*** Opening Input for this task ***

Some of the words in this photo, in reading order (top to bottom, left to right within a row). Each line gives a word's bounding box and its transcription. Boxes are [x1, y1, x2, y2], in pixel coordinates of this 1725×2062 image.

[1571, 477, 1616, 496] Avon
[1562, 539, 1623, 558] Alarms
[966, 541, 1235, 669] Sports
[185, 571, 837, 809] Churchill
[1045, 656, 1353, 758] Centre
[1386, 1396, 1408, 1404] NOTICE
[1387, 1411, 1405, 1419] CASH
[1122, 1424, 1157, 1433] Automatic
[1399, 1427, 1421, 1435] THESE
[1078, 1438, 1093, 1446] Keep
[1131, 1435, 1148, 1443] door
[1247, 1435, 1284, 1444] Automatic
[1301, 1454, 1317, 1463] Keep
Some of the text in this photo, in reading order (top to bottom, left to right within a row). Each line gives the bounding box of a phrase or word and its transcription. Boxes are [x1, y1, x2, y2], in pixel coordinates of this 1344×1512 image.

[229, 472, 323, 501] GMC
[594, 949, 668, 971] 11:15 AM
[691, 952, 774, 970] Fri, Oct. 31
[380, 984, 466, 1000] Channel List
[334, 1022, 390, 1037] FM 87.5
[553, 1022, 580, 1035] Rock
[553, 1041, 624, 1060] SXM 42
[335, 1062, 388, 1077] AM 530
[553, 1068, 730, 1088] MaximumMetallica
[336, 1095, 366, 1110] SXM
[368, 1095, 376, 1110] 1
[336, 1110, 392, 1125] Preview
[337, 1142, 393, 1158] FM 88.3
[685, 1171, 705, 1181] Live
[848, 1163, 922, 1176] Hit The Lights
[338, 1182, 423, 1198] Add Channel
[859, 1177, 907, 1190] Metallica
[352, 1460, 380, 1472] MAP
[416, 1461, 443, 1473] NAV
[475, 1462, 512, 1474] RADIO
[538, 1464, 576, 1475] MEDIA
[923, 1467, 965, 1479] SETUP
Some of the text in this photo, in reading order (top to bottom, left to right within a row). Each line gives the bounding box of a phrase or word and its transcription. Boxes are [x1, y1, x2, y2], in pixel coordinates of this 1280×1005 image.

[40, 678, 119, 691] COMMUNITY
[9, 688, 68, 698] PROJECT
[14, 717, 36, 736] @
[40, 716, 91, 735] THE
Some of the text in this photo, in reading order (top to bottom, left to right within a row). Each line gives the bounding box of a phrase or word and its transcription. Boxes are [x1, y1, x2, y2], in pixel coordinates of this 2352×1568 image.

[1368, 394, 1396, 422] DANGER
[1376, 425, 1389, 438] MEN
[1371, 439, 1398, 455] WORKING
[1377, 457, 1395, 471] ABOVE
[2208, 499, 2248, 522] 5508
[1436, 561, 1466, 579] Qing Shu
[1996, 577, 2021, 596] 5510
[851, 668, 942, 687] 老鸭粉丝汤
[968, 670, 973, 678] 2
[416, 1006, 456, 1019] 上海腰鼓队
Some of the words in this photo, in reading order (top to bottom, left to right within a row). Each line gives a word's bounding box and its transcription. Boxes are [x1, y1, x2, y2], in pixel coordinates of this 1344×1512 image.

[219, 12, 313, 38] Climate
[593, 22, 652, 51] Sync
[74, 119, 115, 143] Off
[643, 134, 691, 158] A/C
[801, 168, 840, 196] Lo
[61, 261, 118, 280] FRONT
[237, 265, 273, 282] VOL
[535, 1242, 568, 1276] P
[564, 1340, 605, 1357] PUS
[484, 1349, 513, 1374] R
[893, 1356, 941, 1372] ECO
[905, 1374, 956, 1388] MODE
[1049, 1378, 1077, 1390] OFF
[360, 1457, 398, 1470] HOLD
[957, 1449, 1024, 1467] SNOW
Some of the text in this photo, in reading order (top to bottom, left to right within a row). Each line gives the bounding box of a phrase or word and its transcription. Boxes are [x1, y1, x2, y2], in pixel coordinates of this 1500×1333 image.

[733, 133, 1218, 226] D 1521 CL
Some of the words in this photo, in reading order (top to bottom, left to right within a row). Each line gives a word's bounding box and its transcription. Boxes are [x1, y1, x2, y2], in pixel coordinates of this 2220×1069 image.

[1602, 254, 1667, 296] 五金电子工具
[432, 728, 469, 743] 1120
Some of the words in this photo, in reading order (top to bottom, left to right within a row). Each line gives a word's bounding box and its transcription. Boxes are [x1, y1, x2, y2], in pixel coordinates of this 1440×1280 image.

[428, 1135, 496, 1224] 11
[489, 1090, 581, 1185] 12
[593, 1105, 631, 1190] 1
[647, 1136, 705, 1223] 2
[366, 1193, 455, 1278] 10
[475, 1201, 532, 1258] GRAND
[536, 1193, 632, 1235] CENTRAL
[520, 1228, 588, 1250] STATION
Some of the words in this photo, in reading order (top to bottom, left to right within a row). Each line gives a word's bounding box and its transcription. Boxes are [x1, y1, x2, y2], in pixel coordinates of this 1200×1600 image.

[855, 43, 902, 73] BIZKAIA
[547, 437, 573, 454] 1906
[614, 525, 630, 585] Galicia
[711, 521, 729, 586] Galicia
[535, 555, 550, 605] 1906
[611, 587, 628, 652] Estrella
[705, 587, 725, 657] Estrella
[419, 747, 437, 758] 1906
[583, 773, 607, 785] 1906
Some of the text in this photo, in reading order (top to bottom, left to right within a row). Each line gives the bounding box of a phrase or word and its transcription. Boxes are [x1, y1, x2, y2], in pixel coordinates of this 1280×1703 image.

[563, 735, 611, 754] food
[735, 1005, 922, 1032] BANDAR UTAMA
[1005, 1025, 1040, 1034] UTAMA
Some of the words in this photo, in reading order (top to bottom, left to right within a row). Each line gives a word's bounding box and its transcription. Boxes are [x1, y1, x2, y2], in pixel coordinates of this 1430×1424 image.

*** Closing Input for this task ***

#### [Task prompt]
Once you have read the records above, output each of them verbatim.

#### [Response to this task]
Some of the words in this photo, in reading order (top to bottom, left to right within a row). Each line gives a word's bounding box and its transcription. Boxes are [x1, y1, x2, y2], in pixel coordinates of this 1725×2062 image.

[1571, 477, 1616, 496] Avon
[1562, 539, 1623, 558] Alarms
[966, 541, 1235, 669] Sports
[185, 571, 837, 809] Churchill
[1045, 656, 1353, 758] Centre
[1386, 1396, 1408, 1404] NOTICE
[1387, 1411, 1405, 1419] CASH
[1122, 1424, 1157, 1433] Automatic
[1399, 1427, 1421, 1435] THESE
[1078, 1438, 1093, 1446] Keep
[1131, 1435, 1148, 1443] door
[1247, 1435, 1284, 1444] Automatic
[1301, 1454, 1317, 1463] Keep
Some of the text in this photo, in reading order (top to bottom, left to right within a row). Each line gives the bounding box of a phrase or word and its transcription. Boxes are [x1, y1, x2, y2], in pixel coordinates of this 1344×1512 image.

[229, 472, 323, 501] GMC
[594, 949, 668, 971] 11:15 AM
[691, 952, 774, 970] Fri, Oct. 31
[380, 984, 466, 1000] Channel List
[334, 1022, 390, 1037] FM 87.5
[553, 1022, 580, 1035] Rock
[553, 1041, 624, 1060] SXM 42
[335, 1062, 388, 1077] AM 530
[553, 1068, 730, 1088] MaximumMetallica
[336, 1095, 366, 1110] SXM
[368, 1095, 376, 1110] 1
[336, 1110, 392, 1125] Preview
[337, 1142, 393, 1158] FM 88.3
[685, 1171, 705, 1181] Live
[848, 1163, 922, 1176] Hit The Lights
[338, 1182, 423, 1198] Add Channel
[859, 1177, 907, 1190] Metallica
[352, 1460, 380, 1472] MAP
[416, 1461, 443, 1473] NAV
[475, 1462, 512, 1474] RADIO
[538, 1464, 576, 1475] MEDIA
[923, 1467, 965, 1479] SETUP
Some of the text in this photo, in reading order (top to bottom, left to right within a row). Each line gives the bounding box of a phrase or word and its transcription. Boxes are [x1, y1, x2, y2], in pixel coordinates of this 1280×1005 image.

[40, 678, 119, 691] COMMUNITY
[9, 688, 68, 698] PROJECT
[14, 717, 36, 736] @
[40, 716, 91, 735] THE
Some of the text in this photo, in reading order (top to bottom, left to right within a row). Each line gives the bounding box of a phrase or word and its transcription. Boxes are [x1, y1, x2, y2], in pixel coordinates of this 2352×1568 image.

[1368, 394, 1396, 422] DANGER
[1376, 425, 1389, 438] MEN
[1371, 439, 1398, 455] WORKING
[1377, 457, 1395, 471] ABOVE
[2208, 499, 2248, 522] 5508
[1436, 561, 1466, 579] Qing Shu
[1996, 577, 2021, 596] 5510
[851, 668, 942, 687] 老鸭粉丝汤
[968, 670, 973, 678] 2
[416, 1006, 456, 1019] 上海腰鼓队
Some of the words in this photo, in reading order (top to bottom, left to right within a row). Each line gives a word's bounding box and its transcription. Boxes are [x1, y1, x2, y2], in pixel coordinates of this 1344×1512 image.

[219, 12, 313, 38] Climate
[593, 22, 652, 51] Sync
[74, 119, 115, 143] Off
[643, 134, 691, 158] A/C
[801, 168, 840, 196] Lo
[61, 261, 118, 280] FRONT
[237, 265, 273, 282] VOL
[535, 1242, 568, 1276] P
[564, 1340, 605, 1357] PUS
[484, 1349, 513, 1374] R
[893, 1356, 941, 1372] ECO
[905, 1374, 956, 1388] MODE
[1049, 1378, 1077, 1390] OFF
[360, 1457, 398, 1470] HOLD
[957, 1449, 1024, 1467] SNOW
Some of the text in this photo, in reading order (top to bottom, left to right within a row). Each line gives the bounding box of a phrase or word and its transcription. Boxes are [x1, y1, x2, y2], in pixel coordinates of this 1500×1333 image.

[733, 133, 1218, 226] D 1521 CL
Some of the words in this photo, in reading order (top to bottom, left to right within a row). Each line gives a word's bounding box and its transcription. Boxes are [x1, y1, x2, y2], in pixel coordinates of this 2220×1069 image.

[1602, 254, 1667, 296] 五金电子工具
[432, 728, 469, 743] 1120
Some of the words in this photo, in reading order (top to bottom, left to right within a row). Each line gives a word's bounding box and its transcription. Boxes are [x1, y1, x2, y2], in pixel coordinates of this 1440×1280 image.

[428, 1135, 496, 1224] 11
[489, 1090, 581, 1185] 12
[593, 1105, 631, 1190] 1
[647, 1136, 705, 1223] 2
[366, 1193, 455, 1278] 10
[475, 1201, 532, 1258] GRAND
[536, 1193, 632, 1235] CENTRAL
[520, 1228, 588, 1250] STATION
Some of the words in this photo, in reading order (top to bottom, left to right within a row). Each line gives a word's bounding box and its transcription. Boxes are [x1, y1, x2, y2], in pixel coordinates of this 1200×1600 image.

[855, 43, 902, 73] BIZKAIA
[547, 437, 573, 454] 1906
[614, 525, 630, 585] Galicia
[711, 521, 729, 586] Galicia
[535, 555, 550, 605] 1906
[611, 587, 628, 652] Estrella
[705, 587, 725, 657] Estrella
[419, 747, 437, 758] 1906
[583, 773, 607, 785] 1906
Some of the text in this photo, in reading order (top to bottom, left to right within a row). Each line gives the bounding box of a phrase or word and its transcription. Boxes are [x1, y1, x2, y2], in pixel coordinates of this 1280×1703 image.

[563, 735, 611, 754] food
[735, 1005, 922, 1032] BANDAR UTAMA
[1005, 1025, 1040, 1034] UTAMA
Some of the words in this photo, in reading order (top to bottom, left to right within a row). Each line gives a word's bounding box and its transcription. Boxes are [x1, y1, x2, y2], in pixel coordinates of this 1430×1424 image.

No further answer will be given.